_Work instruction_. Leave out the pictures and repeat the data exactly.

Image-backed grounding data
■ ■ ■ ■
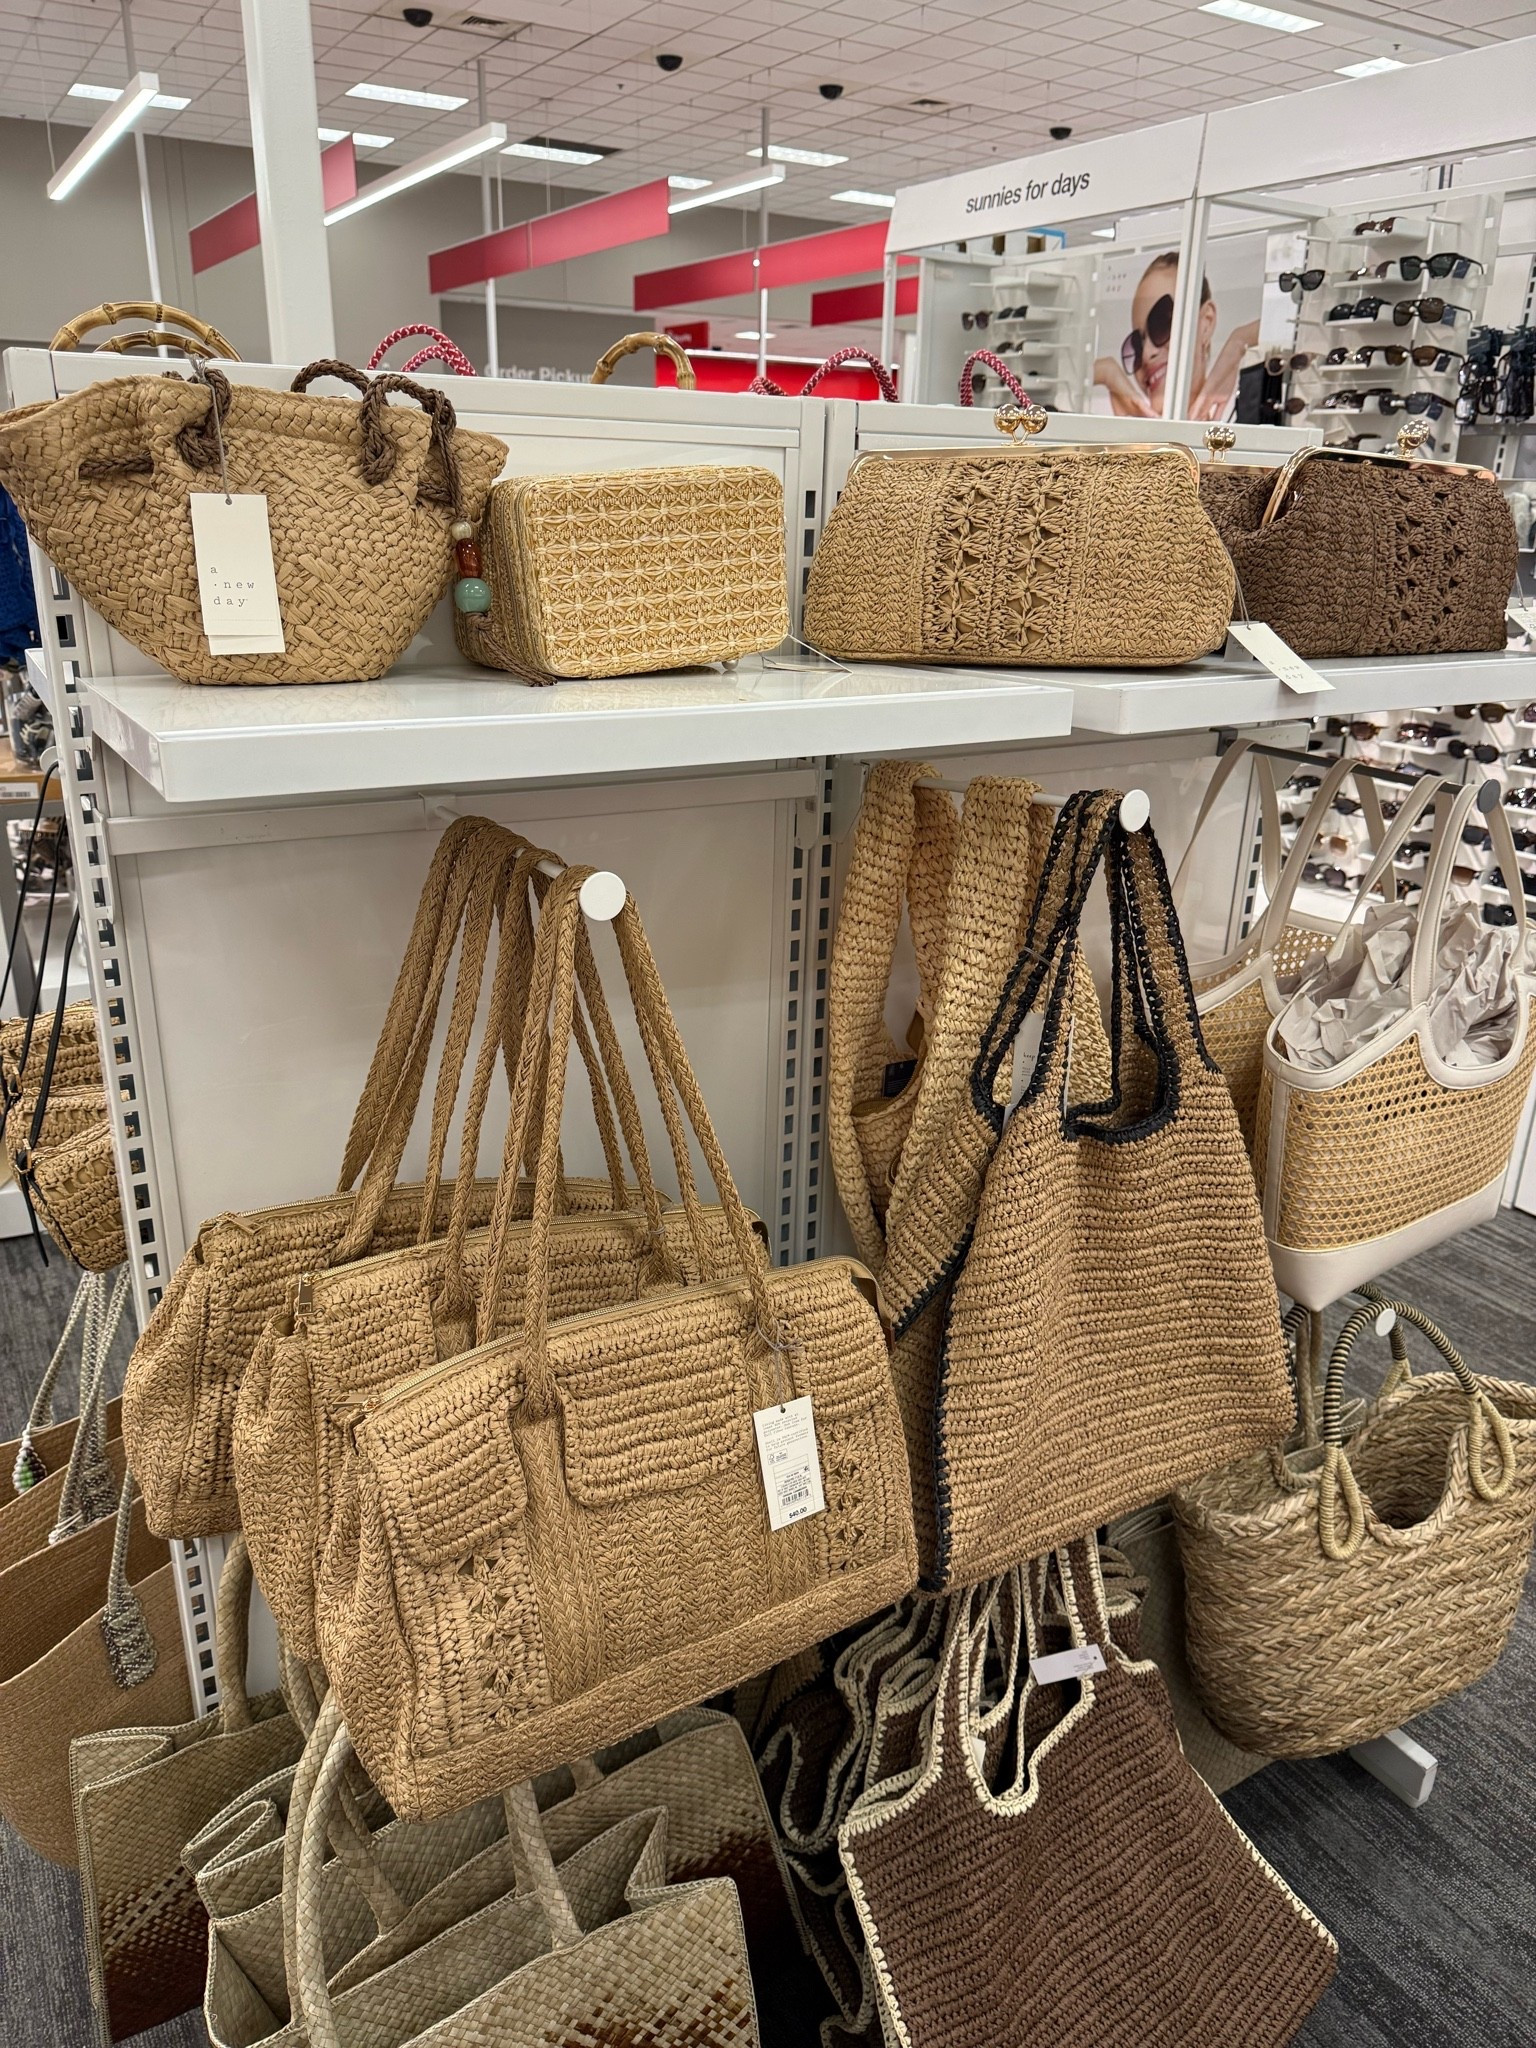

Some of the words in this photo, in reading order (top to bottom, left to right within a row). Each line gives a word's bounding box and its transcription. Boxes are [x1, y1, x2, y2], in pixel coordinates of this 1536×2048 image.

[966, 186, 1022, 214] sunnies
[1025, 180, 1048, 202] for
[1051, 172, 1090, 198] days
[210, 566, 218, 574] a
[213, 596, 246, 608] day
[789, 1506, 807, 1518] $40.00
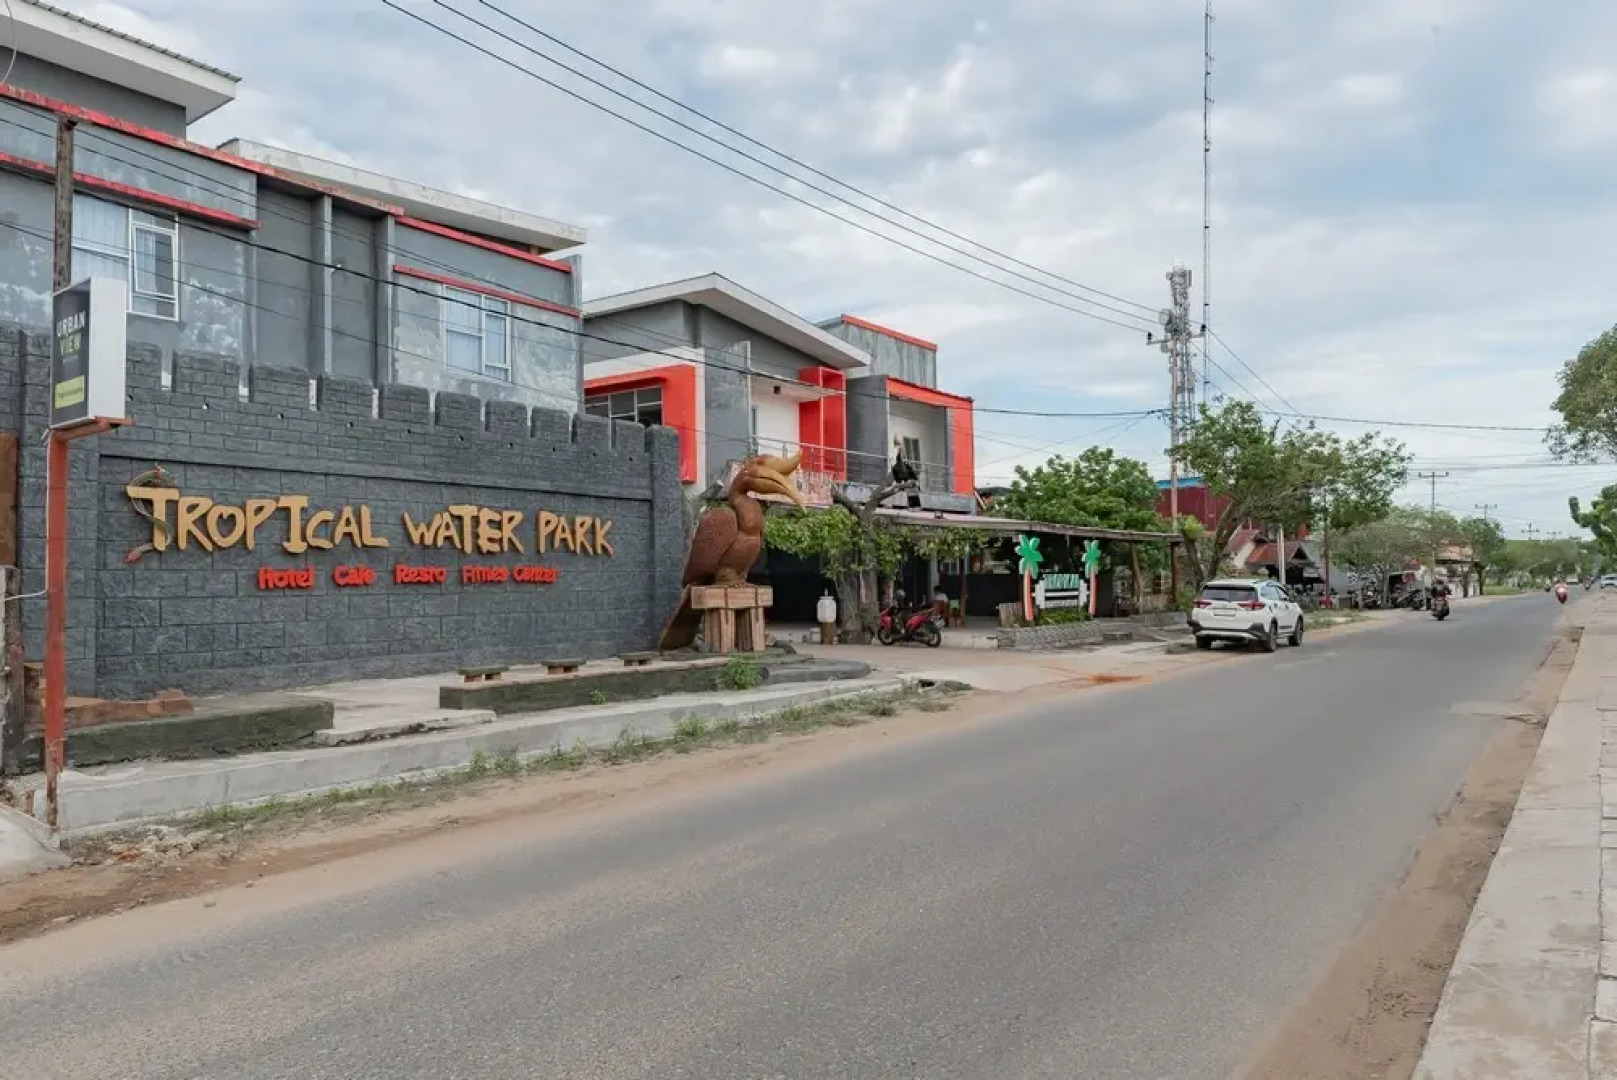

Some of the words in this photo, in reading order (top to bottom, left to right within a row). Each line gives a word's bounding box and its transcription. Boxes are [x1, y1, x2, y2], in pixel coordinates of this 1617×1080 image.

[56, 311, 86, 337] URBAN
[59, 333, 82, 356] VIEW
[126, 485, 389, 554] TROPICAL
[403, 504, 524, 554] WATER
[537, 510, 615, 555] PARK
[258, 566, 315, 590] Hotel
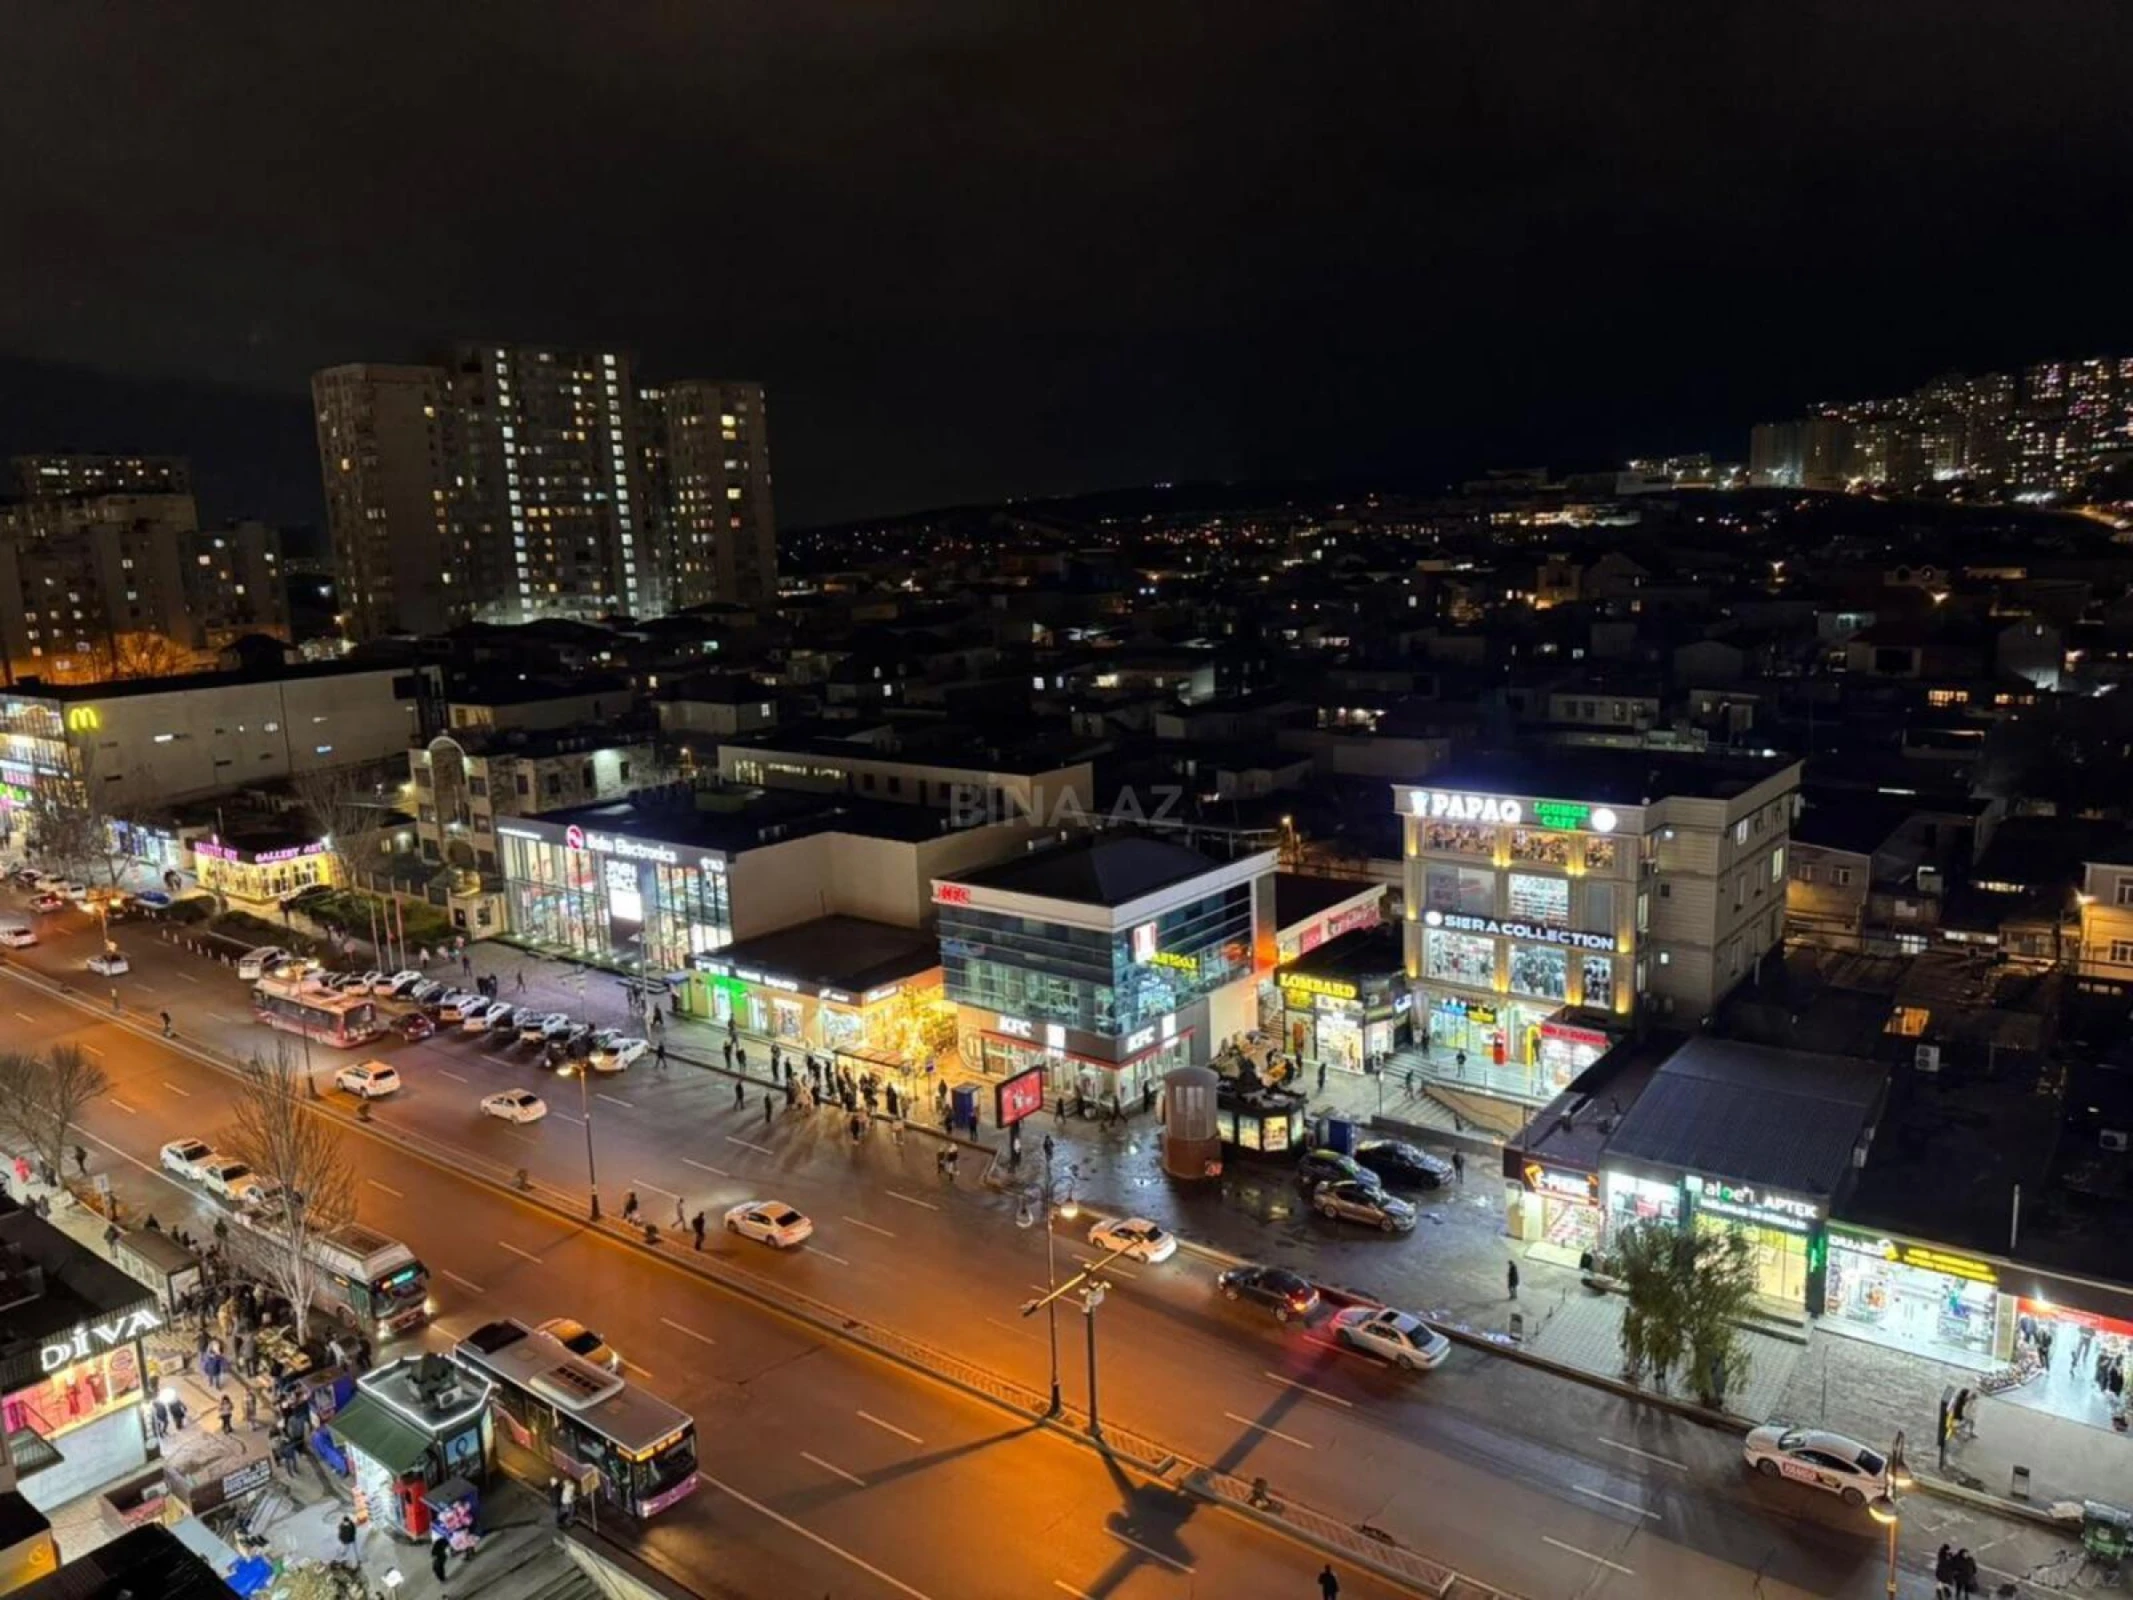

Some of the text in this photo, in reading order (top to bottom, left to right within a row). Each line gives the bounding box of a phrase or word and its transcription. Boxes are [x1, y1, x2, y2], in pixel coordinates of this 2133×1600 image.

[1431, 793, 1522, 824] PAPAQ
[1533, 801, 1590, 819] LOUNGE
[1279, 972, 1358, 999] LOMBARD
[999, 1014, 1032, 1037] KFC
[1126, 1025, 1156, 1053] KFC
[1763, 1194, 1818, 1219] APTEK
■ ■ ■ ■
_Exercise solution_.
Some of the words in this photo, in reading order (top to bottom, left to right within a row). Each line gives a word's bounding box and its transcription. Boxes are [x1, y1, x2, y2], in pixel coordinates of this 1536×2048 image.

[966, 186, 1022, 214] sunnies
[1025, 180, 1048, 202] for
[1051, 172, 1090, 198] days
[210, 566, 218, 574] a
[213, 596, 246, 608] day
[789, 1506, 807, 1518] $40.00

Some of the words in this photo, in reading order (top to bottom, left to right within a row). Each line gives a word's bounding box and its transcription. Boxes are [x1, y1, x2, y2], in pixel coordinates of this 1617×1080 image.

[56, 311, 86, 337] URBAN
[59, 333, 82, 356] VIEW
[126, 485, 389, 554] TROPICAL
[403, 504, 524, 554] WATER
[537, 510, 615, 555] PARK
[258, 566, 315, 590] Hotel

Some of the text in this photo, in reading order (top to bottom, left to right within a row). Each line gives the bounding box of a phrase or word and its transcription. Boxes are [x1, y1, x2, y2], in pixel coordinates of this 2133×1600 image.

[1431, 793, 1522, 824] PAPAQ
[1533, 801, 1590, 819] LOUNGE
[1279, 972, 1358, 999] LOMBARD
[999, 1014, 1032, 1037] KFC
[1126, 1025, 1156, 1053] KFC
[1763, 1194, 1818, 1219] APTEK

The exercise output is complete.